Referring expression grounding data
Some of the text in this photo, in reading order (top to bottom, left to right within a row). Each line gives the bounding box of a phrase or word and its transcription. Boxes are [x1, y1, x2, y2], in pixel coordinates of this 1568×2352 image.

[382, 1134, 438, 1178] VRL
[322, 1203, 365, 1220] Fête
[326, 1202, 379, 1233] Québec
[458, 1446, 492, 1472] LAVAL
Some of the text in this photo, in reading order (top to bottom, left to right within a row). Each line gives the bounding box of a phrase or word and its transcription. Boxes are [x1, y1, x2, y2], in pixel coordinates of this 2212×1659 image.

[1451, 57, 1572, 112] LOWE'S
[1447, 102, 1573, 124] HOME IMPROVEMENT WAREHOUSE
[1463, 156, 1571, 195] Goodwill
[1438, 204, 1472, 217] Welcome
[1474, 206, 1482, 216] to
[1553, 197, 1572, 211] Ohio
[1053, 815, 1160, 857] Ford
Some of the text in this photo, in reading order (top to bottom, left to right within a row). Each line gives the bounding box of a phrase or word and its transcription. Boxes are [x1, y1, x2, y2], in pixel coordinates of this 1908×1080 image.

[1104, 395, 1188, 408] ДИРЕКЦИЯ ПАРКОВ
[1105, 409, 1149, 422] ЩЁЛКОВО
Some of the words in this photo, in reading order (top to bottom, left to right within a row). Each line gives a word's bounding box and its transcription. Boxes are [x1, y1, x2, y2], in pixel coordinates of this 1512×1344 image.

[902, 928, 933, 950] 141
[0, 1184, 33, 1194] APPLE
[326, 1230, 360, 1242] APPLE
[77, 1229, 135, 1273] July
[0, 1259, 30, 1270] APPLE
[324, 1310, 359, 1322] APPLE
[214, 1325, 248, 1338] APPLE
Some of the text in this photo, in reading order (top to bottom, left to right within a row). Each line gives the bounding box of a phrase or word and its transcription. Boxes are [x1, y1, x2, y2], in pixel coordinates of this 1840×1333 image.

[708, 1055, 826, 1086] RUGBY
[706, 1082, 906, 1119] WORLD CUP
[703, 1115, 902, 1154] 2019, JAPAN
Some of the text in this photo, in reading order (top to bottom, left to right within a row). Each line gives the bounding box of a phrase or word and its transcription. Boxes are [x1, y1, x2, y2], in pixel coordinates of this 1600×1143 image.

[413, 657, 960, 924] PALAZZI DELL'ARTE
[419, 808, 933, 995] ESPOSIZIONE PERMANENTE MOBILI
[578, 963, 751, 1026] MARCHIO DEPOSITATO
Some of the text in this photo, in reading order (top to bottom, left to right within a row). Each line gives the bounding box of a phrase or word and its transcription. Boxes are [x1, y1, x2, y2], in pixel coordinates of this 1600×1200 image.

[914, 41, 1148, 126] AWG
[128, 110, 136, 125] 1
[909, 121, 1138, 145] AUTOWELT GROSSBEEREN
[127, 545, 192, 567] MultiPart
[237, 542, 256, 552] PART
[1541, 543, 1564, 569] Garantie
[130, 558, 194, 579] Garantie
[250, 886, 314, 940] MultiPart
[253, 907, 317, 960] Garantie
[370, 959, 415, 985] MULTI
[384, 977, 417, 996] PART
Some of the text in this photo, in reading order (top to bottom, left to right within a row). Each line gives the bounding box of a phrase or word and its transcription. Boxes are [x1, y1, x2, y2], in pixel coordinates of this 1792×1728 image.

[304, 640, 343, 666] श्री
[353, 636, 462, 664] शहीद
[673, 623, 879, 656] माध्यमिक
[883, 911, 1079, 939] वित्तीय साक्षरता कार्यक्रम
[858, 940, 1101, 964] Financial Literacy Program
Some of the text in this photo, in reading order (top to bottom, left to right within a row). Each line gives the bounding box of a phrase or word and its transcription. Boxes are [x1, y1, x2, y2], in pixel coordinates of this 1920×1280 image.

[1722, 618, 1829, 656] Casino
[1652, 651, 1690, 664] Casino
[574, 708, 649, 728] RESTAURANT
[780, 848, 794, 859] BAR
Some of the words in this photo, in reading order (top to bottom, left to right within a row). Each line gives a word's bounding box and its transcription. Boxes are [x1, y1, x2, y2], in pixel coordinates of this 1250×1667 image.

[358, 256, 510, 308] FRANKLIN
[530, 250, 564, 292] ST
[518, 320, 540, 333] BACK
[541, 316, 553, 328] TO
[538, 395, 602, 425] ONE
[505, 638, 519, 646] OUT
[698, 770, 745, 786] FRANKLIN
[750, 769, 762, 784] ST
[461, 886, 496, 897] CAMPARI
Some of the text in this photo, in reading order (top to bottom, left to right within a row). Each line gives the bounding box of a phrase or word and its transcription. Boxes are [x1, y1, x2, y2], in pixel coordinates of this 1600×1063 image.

* EXERCISE
Would you set down all of the entries again, word for word?

* OUTPUT BELOW
Some of the text in this photo, in reading order (top to bottom, left to right within a row). Each line gives the bounding box of a phrase or word and its transcription. Boxes are [x1, y1, x2, y2], in pixel coordinates of this 1568×2352 image.

[382, 1134, 438, 1178] VRL
[322, 1203, 365, 1220] Fête
[326, 1202, 379, 1233] Québec
[458, 1446, 492, 1472] LAVAL
Some of the text in this photo, in reading order (top to bottom, left to right within a row). Each line gives the bounding box of a phrase or word and its transcription. Boxes are [x1, y1, x2, y2], in pixel coordinates of this 2212×1659 image.

[1451, 57, 1572, 112] LOWE'S
[1447, 102, 1573, 124] HOME IMPROVEMENT WAREHOUSE
[1463, 156, 1571, 195] Goodwill
[1438, 204, 1472, 217] Welcome
[1474, 206, 1482, 216] to
[1553, 197, 1572, 211] Ohio
[1053, 815, 1160, 857] Ford
Some of the text in this photo, in reading order (top to bottom, left to right within a row). Each line gives the bounding box of a phrase or word and its transcription. Boxes are [x1, y1, x2, y2], in pixel coordinates of this 1908×1080 image.

[1104, 395, 1188, 408] ДИРЕКЦИЯ ПАРКОВ
[1105, 409, 1149, 422] ЩЁЛКОВО
Some of the words in this photo, in reading order (top to bottom, left to right within a row). Each line gives a word's bounding box and its transcription. Boxes are [x1, y1, x2, y2], in pixel coordinates of this 1512×1344 image.

[902, 928, 933, 950] 141
[0, 1184, 33, 1194] APPLE
[326, 1230, 360, 1242] APPLE
[77, 1229, 135, 1273] July
[0, 1259, 30, 1270] APPLE
[324, 1310, 359, 1322] APPLE
[214, 1325, 248, 1338] APPLE
Some of the text in this photo, in reading order (top to bottom, left to right within a row). Each line gives the bounding box of a phrase or word and its transcription. Boxes are [x1, y1, x2, y2], in pixel coordinates of this 1840×1333 image.

[708, 1055, 826, 1086] RUGBY
[706, 1082, 906, 1119] WORLD CUP
[703, 1115, 902, 1154] 2019, JAPAN
Some of the text in this photo, in reading order (top to bottom, left to right within a row). Each line gives the bounding box of a phrase or word and its transcription. Boxes are [x1, y1, x2, y2], in pixel coordinates of this 1600×1143 image.

[413, 657, 960, 924] PALAZZI DELL'ARTE
[419, 808, 933, 995] ESPOSIZIONE PERMANENTE MOBILI
[578, 963, 751, 1026] MARCHIO DEPOSITATO
Some of the text in this photo, in reading order (top to bottom, left to right within a row). Each line gives the bounding box of a phrase or word and its transcription. Boxes are [x1, y1, x2, y2], in pixel coordinates of this 1600×1200 image.

[914, 41, 1148, 126] AWG
[128, 110, 136, 125] 1
[909, 121, 1138, 145] AUTOWELT GROSSBEEREN
[127, 545, 192, 567] MultiPart
[237, 542, 256, 552] PART
[1541, 543, 1564, 569] Garantie
[130, 558, 194, 579] Garantie
[250, 886, 314, 940] MultiPart
[253, 907, 317, 960] Garantie
[370, 959, 415, 985] MULTI
[384, 977, 417, 996] PART
Some of the text in this photo, in reading order (top to bottom, left to right within a row). Each line gives the bounding box of a phrase or word and its transcription. Boxes are [x1, y1, x2, y2], in pixel coordinates of this 1792×1728 image.

[304, 640, 343, 666] श्री
[353, 636, 462, 664] शहीद
[673, 623, 879, 656] माध्यमिक
[883, 911, 1079, 939] वित्तीय साक्षरता कार्यक्रम
[858, 940, 1101, 964] Financial Literacy Program
Some of the text in this photo, in reading order (top to bottom, left to right within a row). Each line gives the bounding box of a phrase or word and its transcription. Boxes are [x1, y1, x2, y2], in pixel coordinates of this 1920×1280 image.

[1722, 618, 1829, 656] Casino
[1652, 651, 1690, 664] Casino
[574, 708, 649, 728] RESTAURANT
[780, 848, 794, 859] BAR
Some of the words in this photo, in reading order (top to bottom, left to right within a row). Each line gives a word's bounding box and its transcription. Boxes are [x1, y1, x2, y2], in pixel coordinates of this 1250×1667 image.

[358, 256, 510, 308] FRANKLIN
[530, 250, 564, 292] ST
[518, 320, 540, 333] BACK
[541, 316, 553, 328] TO
[538, 395, 602, 425] ONE
[505, 638, 519, 646] OUT
[698, 770, 745, 786] FRANKLIN
[750, 769, 762, 784] ST
[461, 886, 496, 897] CAMPARI
Some of the text in this photo, in reading order (top to bottom, left to right within a row). Each line gives the bounding box of a phrase or word and its transcription. Boxes are [x1, y1, x2, y2], in pixel coordinates of this 1600×1063 image.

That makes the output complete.